Ms Sommer brought claims of race, sex and pregnancy/maternity discrimination and equal pay on 22 January 2021. On the same day her employer’s solicitors sent her a 'without prejudice' (WP) letter alleging that, by sending the emails in October and November 2020, she had breached the Conduct Rules of the Financial Conduct Authority, which could result in summary dismissal and a criminal conviction. The letter contained a settlement agreement offering her £37,000 in exchange for termination of her employment.

On 28 April she lodged further tribunal claims of discrimination and unfair dismissal. In advance of the full merits hearing, she sought a ruling from the tribunal that the WP letter should be admitted as evidence.

 

Tribunal decision

The judge found that there was no basis for the company’s solicitors to assert that Ms Sommer’s conduct was serious enough to merit summary dismissal or constituted a criminal offence.

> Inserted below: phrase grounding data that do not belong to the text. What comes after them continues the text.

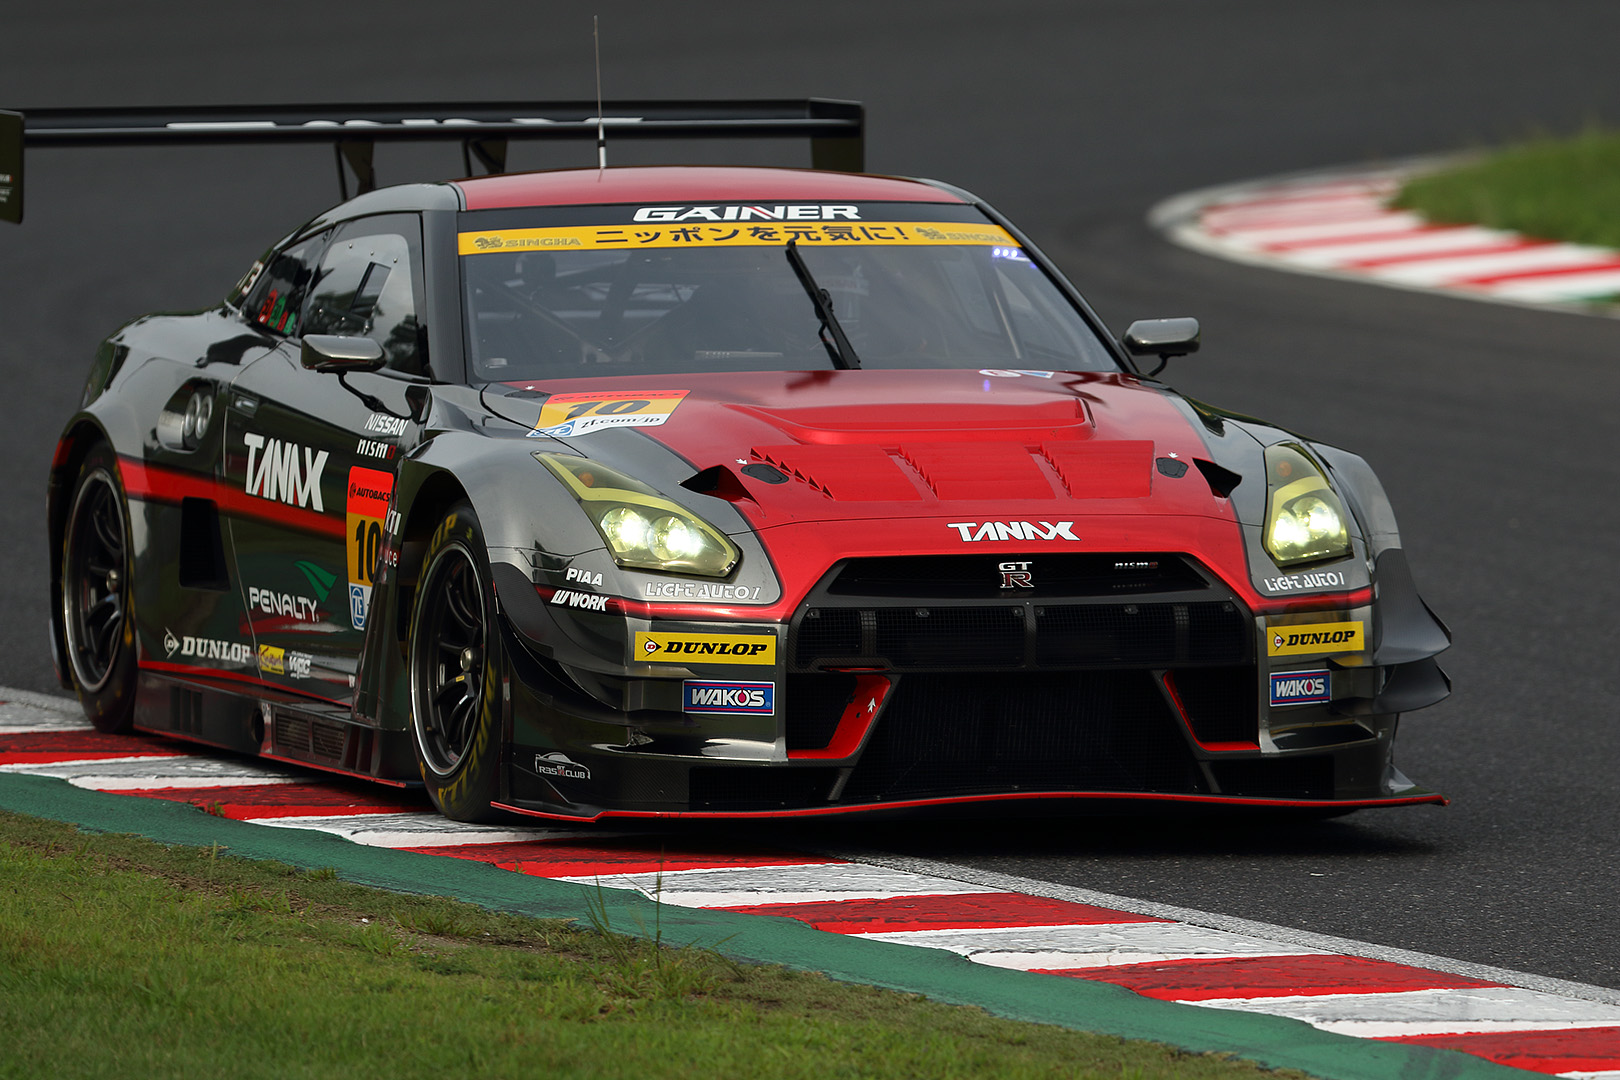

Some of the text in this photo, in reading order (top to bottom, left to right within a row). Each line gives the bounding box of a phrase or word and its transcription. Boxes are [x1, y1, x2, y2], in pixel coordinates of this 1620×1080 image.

[632, 205, 862, 222] GAINER
[504, 236, 582, 248] SINGHA
[565, 400, 651, 421] 10
[364, 413, 408, 436] NISSAN
[581, 416, 661, 429] zf.com/jp
[244, 432, 329, 512] TANAX
[356, 487, 391, 503] AUTOBACS
[946, 521, 1081, 542] TANAX
[356, 520, 382, 584] 10
[998, 562, 1033, 571] GT
[566, 568, 603, 586] PIAA
[1000, 571, 1035, 588] R
[249, 586, 317, 622] PENALTY
[1287, 631, 1355, 646] DUNLOP
[181, 636, 250, 664] DUNLOP
[664, 641, 767, 656] DUNLOP

Instead, they had “grossly exaggerated the severity of what she had done in order to put pressure on her to accept what they proposed”.

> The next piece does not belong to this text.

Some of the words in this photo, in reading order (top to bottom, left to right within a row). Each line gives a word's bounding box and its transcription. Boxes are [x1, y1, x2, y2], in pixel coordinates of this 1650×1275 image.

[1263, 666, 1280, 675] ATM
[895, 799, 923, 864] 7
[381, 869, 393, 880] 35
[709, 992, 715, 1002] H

The judge therefore held that making “those threats in those circumstances was an abuse of the privilege and that they unambiguously exceeded what was permissible in settlement of hard fought litigation”.

As the WP letter “amounted to improper threats and pressure to persuade [Ms Sommer] to accept” the settlement offer, it fell within the exception of 'unambiguous impropriety' and was therefore admissible in evidence. The company appealed on the basis that the judge had set the bar too low to meet the test of 'unambiguous impropriety'.

 

EAT decision

Relying on the decision of the Court of Appeal in Ferster v Ferster, the EAT held that the crucial issue was the type of threat that had been made. Unlike the impropriety in Ferster, which involved a threat of criminal or quasi-criminal proceedings as a lever for settling a civil dispute, this case involved allegations which were just 'grossly exaggerated'. In effect, they amounted to no more than the kind of threat which was entirely normal for parties to make when negotiating with one another.

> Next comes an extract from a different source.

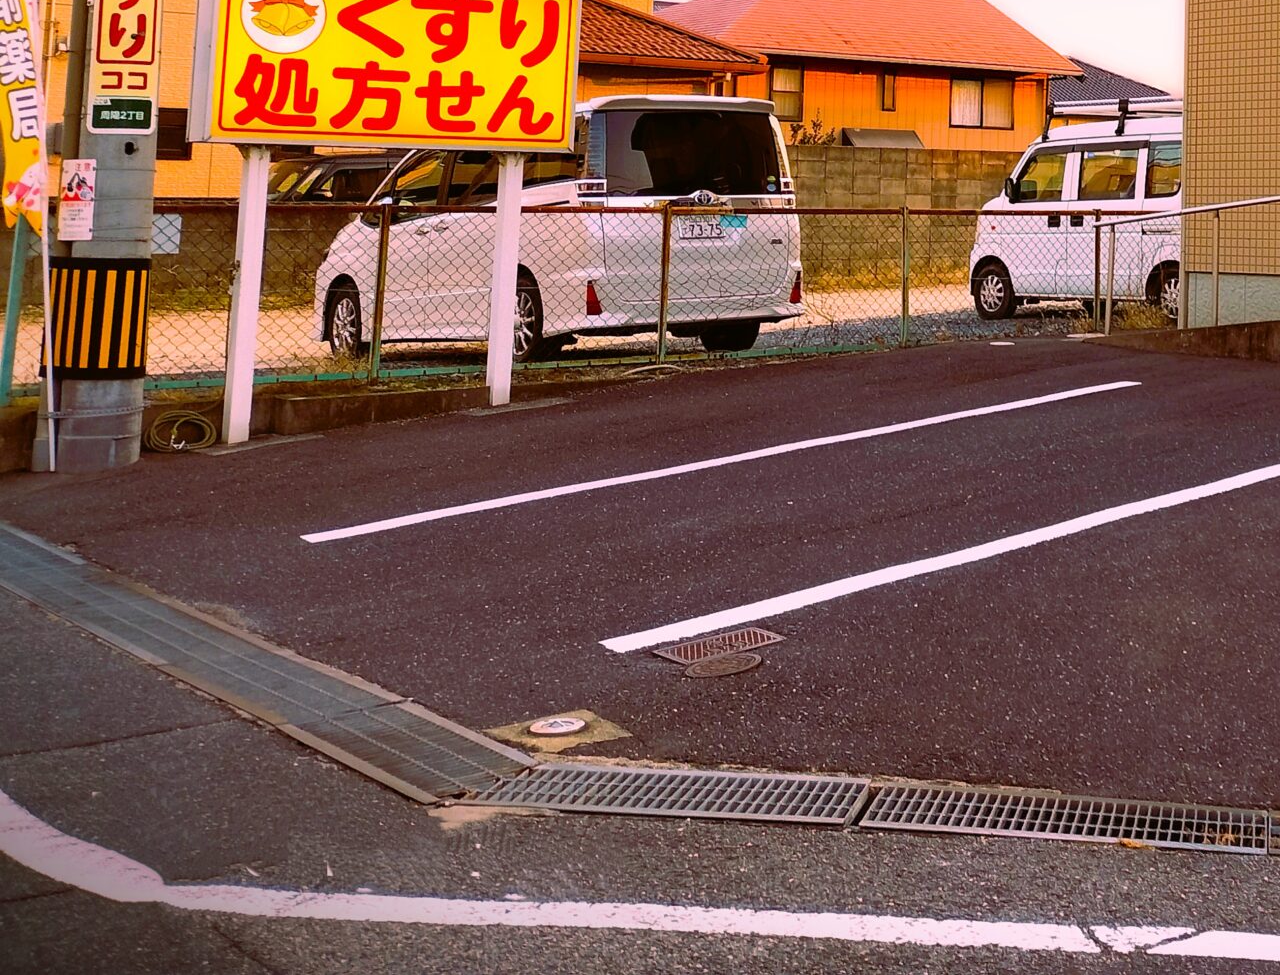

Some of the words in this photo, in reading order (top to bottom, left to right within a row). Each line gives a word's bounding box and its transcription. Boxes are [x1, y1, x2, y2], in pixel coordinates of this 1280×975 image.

[101, 71, 148, 90] ココ
[233, 53, 555, 136] 処方せん

Nor was there was any decided case in which the WP privilege had been lifted because one of the parties had made exaggerated allegations. Something more was therefore required, such as evidence of dishonesty or extortion.

Given that there was some basis for the allegations made in the WP letter, there was no 'valid route' to a ruling that unambiguous impropriety had been established. That was not to say that the WP letter was free from any impropriety but rather that it had just “sailed close to the wind”.

The EAT therefore ruled the WP letter inadmissible at the full merits hearing.